Prevention of hyperuricaemia in patients at risk of tumour lysis syndrome
Children, 6-10 years of age, with secondary hyperuricemia associated with malignancies may be given 300 mg allopurinol daily while those under 6 years are generally given 150 mg daily. The response is evaluated after approximately 48 hours of therapy and a dosage adjustment is made if necessary. Weight-based dosage is 10mg/kg 12-24 hrly.
DOSAGE IN RENAL FAILURE AND RENAL REPLACEMENT THERAPY
Dose in renal impairment [GFR (ml/min)]
<10 100mg daily / alternate days
10-20 100-200mg daily
Dose in renal replacement therapy
CAPD Dose as for GFR <10ml/min
HD Dose as for GFR <10ml/min
CVVHDF Dose as for GFR 10-20ml/min
Note – with all grades of renal impairment, commence with 100mg/day and increase if serum urate response is unsatisfactory. Doses of less than 100mg/day may be required in some patients.
Allopurinol is a structural analogue of the natural purine base, hypoxanthine. It is an inhibitor of xanthine oxidase, the enzyme responsible for the conversion of hypoxanthine to xanthine and of xanthine to uric acid, the end product of purine metabolism in man.
Allopurinol is approximately 90% absorbed from the gastrointestinal tract.
Hypersensitivity to allopurinol
The most frequent adverse reaction to allopurinol is skin rash. Skin reactions can be severe and sometimes fatal. Therefore, treatment with allopurinol should be discontinued immediately if a rash develops.
An increase in acute attacks of gout has been reported during the early stages of allopurinol administration, even when normal or subnormal serum uric acid levels have been attained.

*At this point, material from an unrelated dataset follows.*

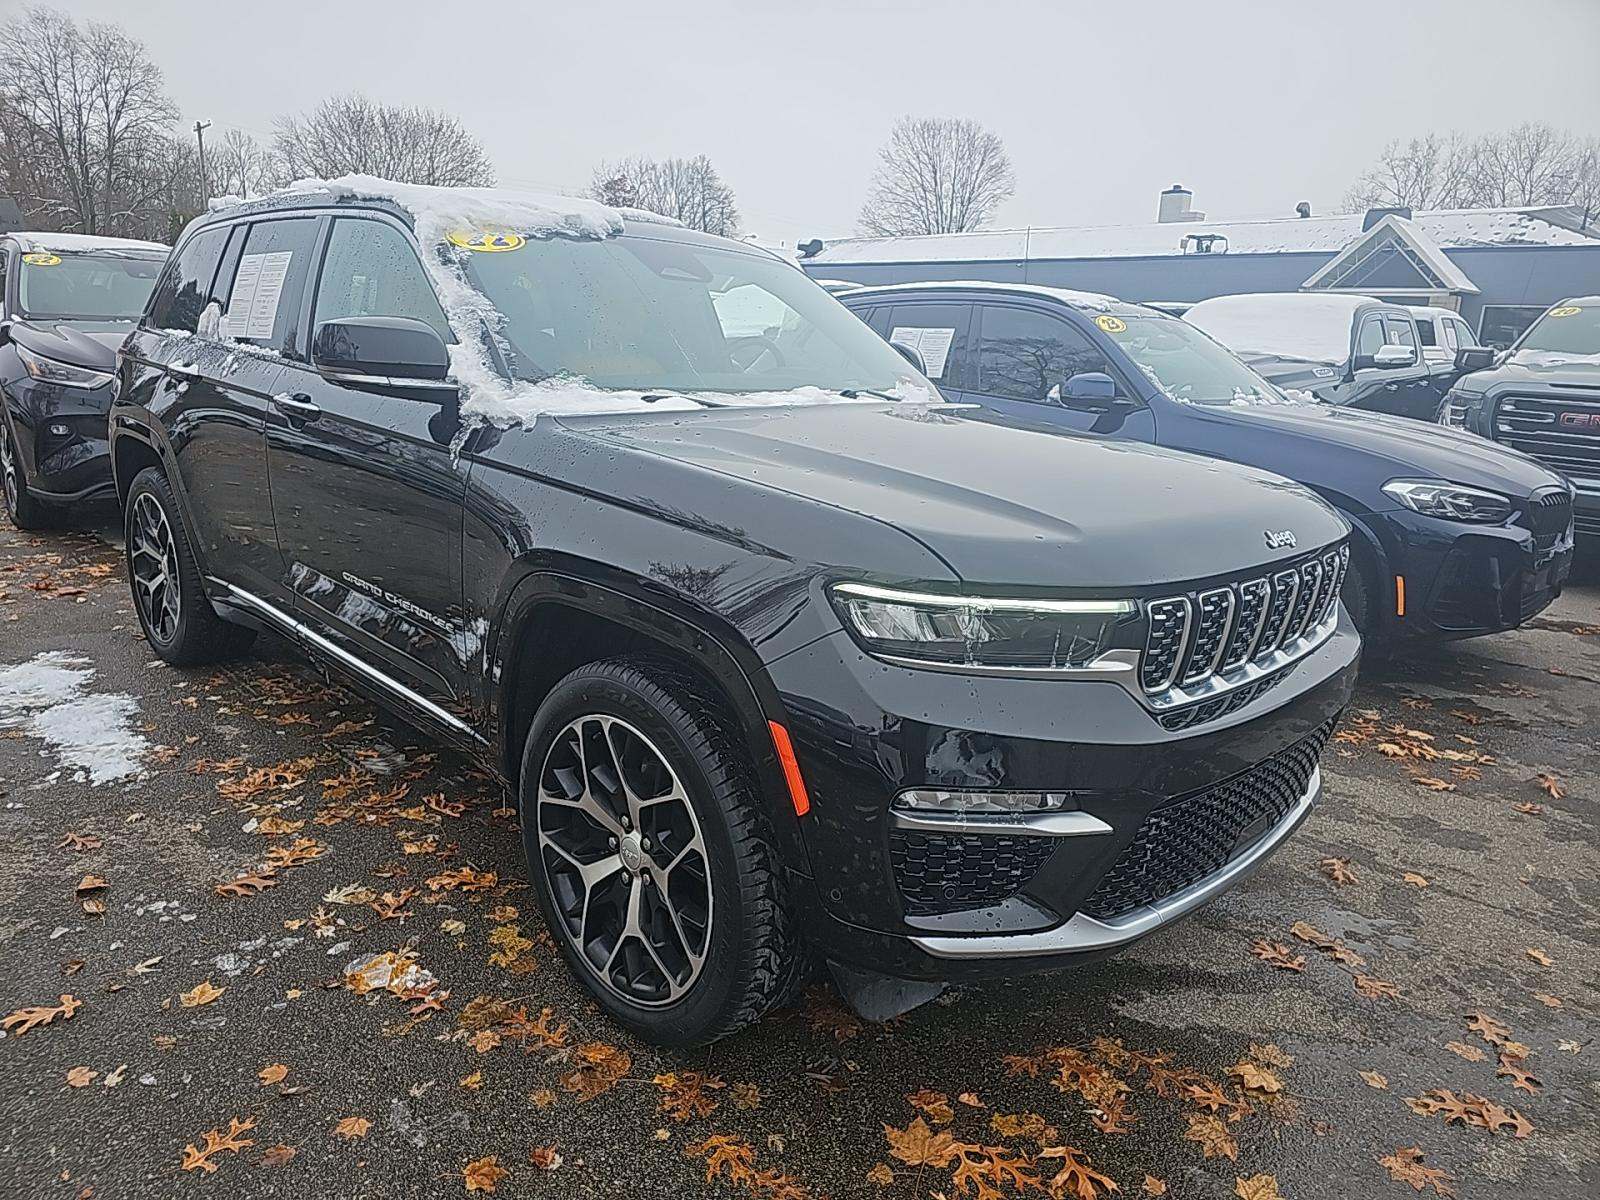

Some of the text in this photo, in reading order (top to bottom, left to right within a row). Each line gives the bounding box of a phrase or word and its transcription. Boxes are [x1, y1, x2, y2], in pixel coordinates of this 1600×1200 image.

[1101, 317, 1121, 330] 23
[1264, 530, 1297, 549] Jeep
[342, 571, 456, 635] GRAND CHEROKEE

Some patients with pre-existing renal disease or poor urate clearance have shown a rise in creatinine during allopurinol administration. In patients with hyperuricemia due to malignancy, the vast majority of changes in renal function are attributable to the underlying malignancy rather than to therapy with allopurinol. Although the mechanism responsible for this has not been established, patients with impaired renal function should be carefully observed during the early stages of allopurinol administration so that the dosage can be appropriately adjusted for renal function.

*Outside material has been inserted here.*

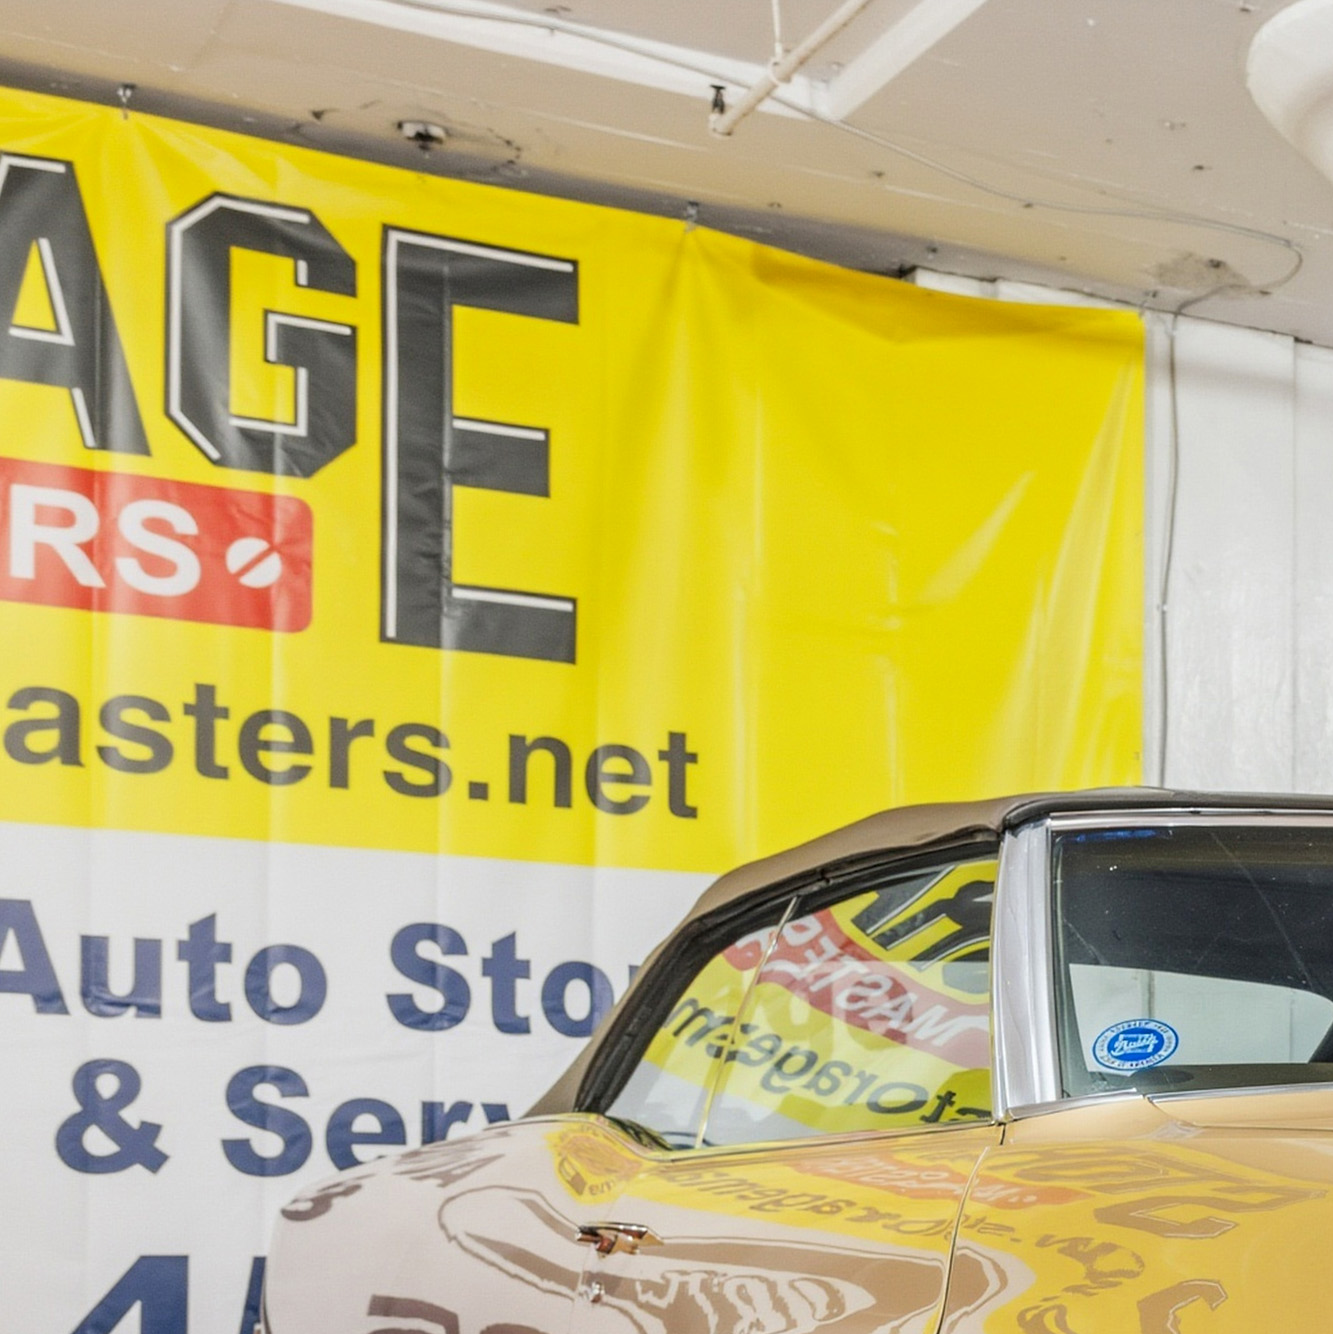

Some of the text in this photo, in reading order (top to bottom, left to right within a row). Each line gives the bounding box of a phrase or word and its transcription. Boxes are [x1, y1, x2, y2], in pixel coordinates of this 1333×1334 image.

[9, 483, 202, 597] RS
[2, 683, 699, 820] asters.net
[0, 898, 641, 1039] Auto Sto
[55, 1059, 511, 1178] & Ser

Bone marrow depression has been reported in patients receiving allopurinol, most of whom received concomitant drugs with the potential for causing this reaction. This has occurred as early as 6 weeks to as long as 6 years after the initiation of allopurinol therapy.

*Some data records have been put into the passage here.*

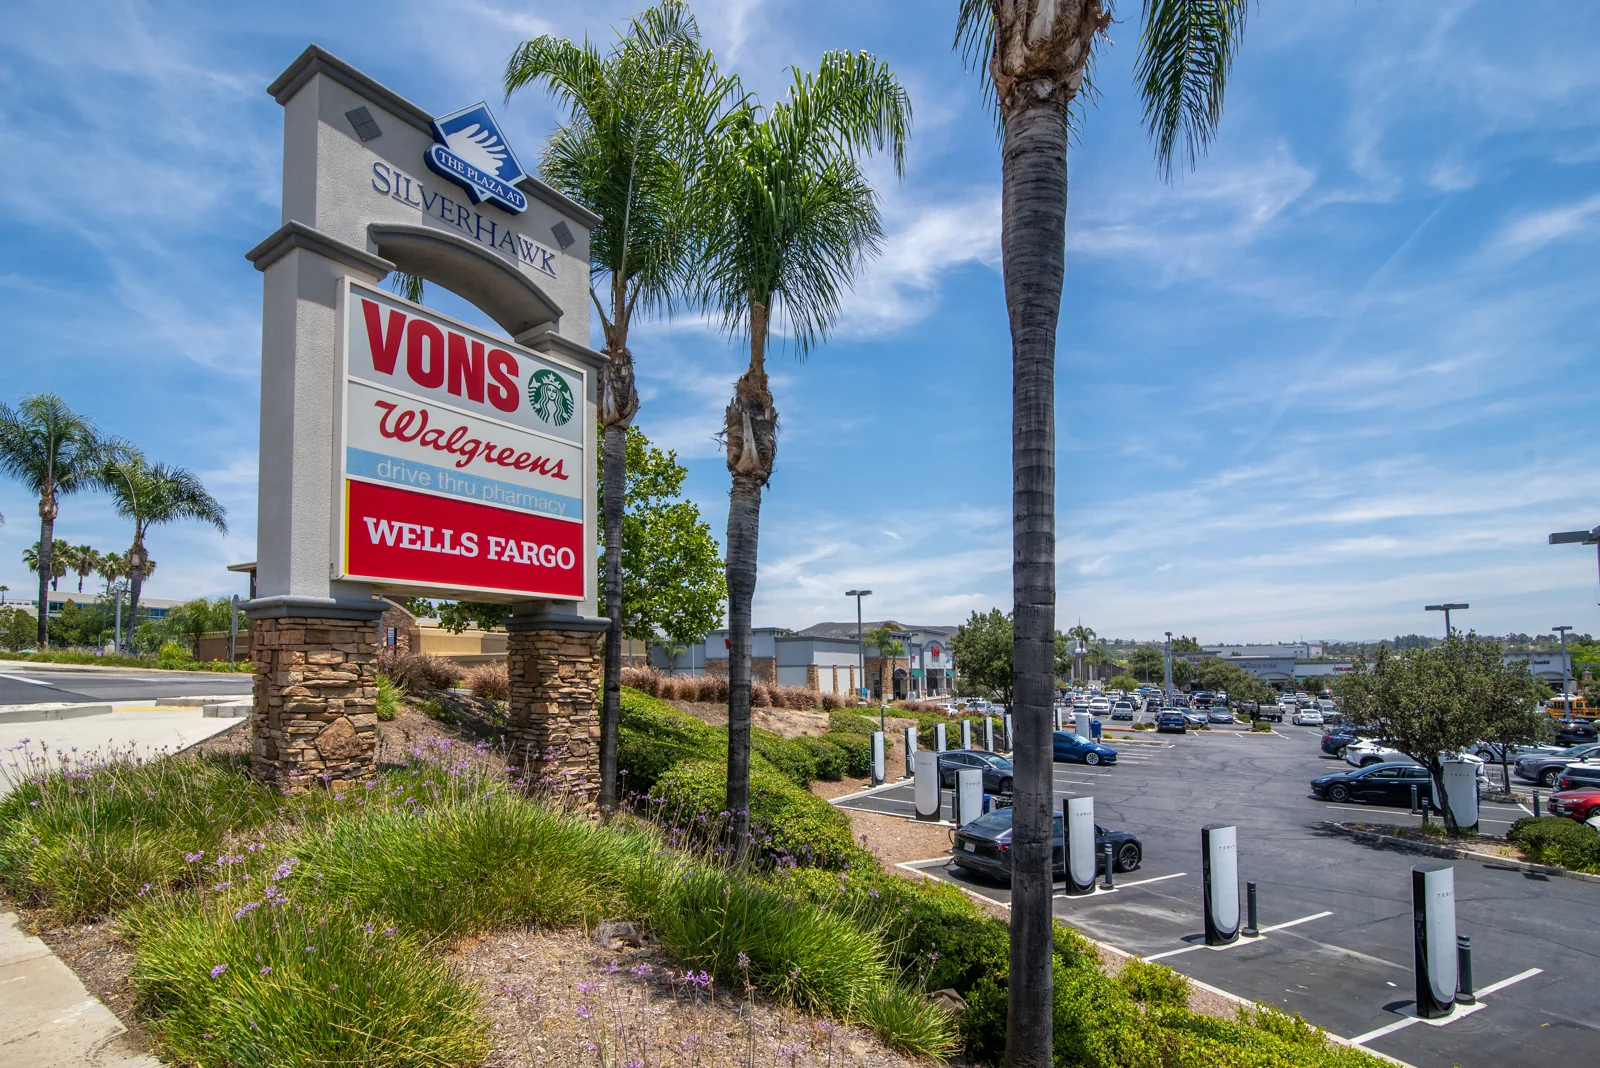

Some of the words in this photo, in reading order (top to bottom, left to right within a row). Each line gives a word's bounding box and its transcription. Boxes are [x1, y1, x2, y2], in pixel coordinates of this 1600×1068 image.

[439, 151, 464, 174] THE
[467, 167, 504, 196] PLAZA
[507, 191, 522, 205] AT
[372, 161, 556, 276] SILVERHAWK
[361, 298, 520, 413] VONS
[374, 400, 569, 481] Walgreens
[377, 459, 431, 486] drive
[437, 471, 476, 496] thru
[482, 484, 566, 517] pharmacy
[363, 516, 479, 558] WELLS
[487, 535, 576, 571] FARGO

The correct dosage and schedule for maintaining the serum uric acid within the normal range is best determined by using the serum uric acid as an index. It may, on occasion be appropriate to measure a uric acid level in a patient on allopurinol in the intensive care unit.
Drug/Laboratory Test Interactions
Allopurinol is not known to alter the accuracy of laboratory tests.
Allopurinol inhibits the enzymatic oxidation of mercaptopurine and azathioprine to 6-thiouric acid.
In patients receiving mercaptopurine or azathioprine, the concomitant administration of 300-600 mg/day of allopurinol will require a reduction in dose to approximately one third to one fourth of the usual dose of mercaptopurine or azathioprine. Subsequent adjustment of doses of mercaptopurine or azathioprine should be made on the basis of therapeutic response and the appearance of toxic effects.
Allopurinol prolongs the half-life of warfarin.
Renal function may be more likely to deteriorate with the combination of allopurinol and thiazide diuretics and, in patients on thiazide diuretics, allopurinol dosage levels should be more conservative.
An increase in the frequency of skin rash has been reported among patients receiving amoxicillin concurrently with allopurinol compared to patients who are not receiving both drugs. The cause of the reported association has not been established.
Cyclosporin levels may be increased during concomitant treatment with allopurinol. Monitoring of cyclosporine levels and possible adjustment of cyclosporine dosage should be considered when these drugs are co-administered.
Body as a Whole:
Skin rash, fever, chills,
Bronchospasm, asthma, pharyngitis, rhinitis.
Cholestatic jaundice, diarrhoea, nausea, LFT derangement, gastritis, dyspepsia
Peripheral neuropathy, neuritis, paraesthesia, somnolence.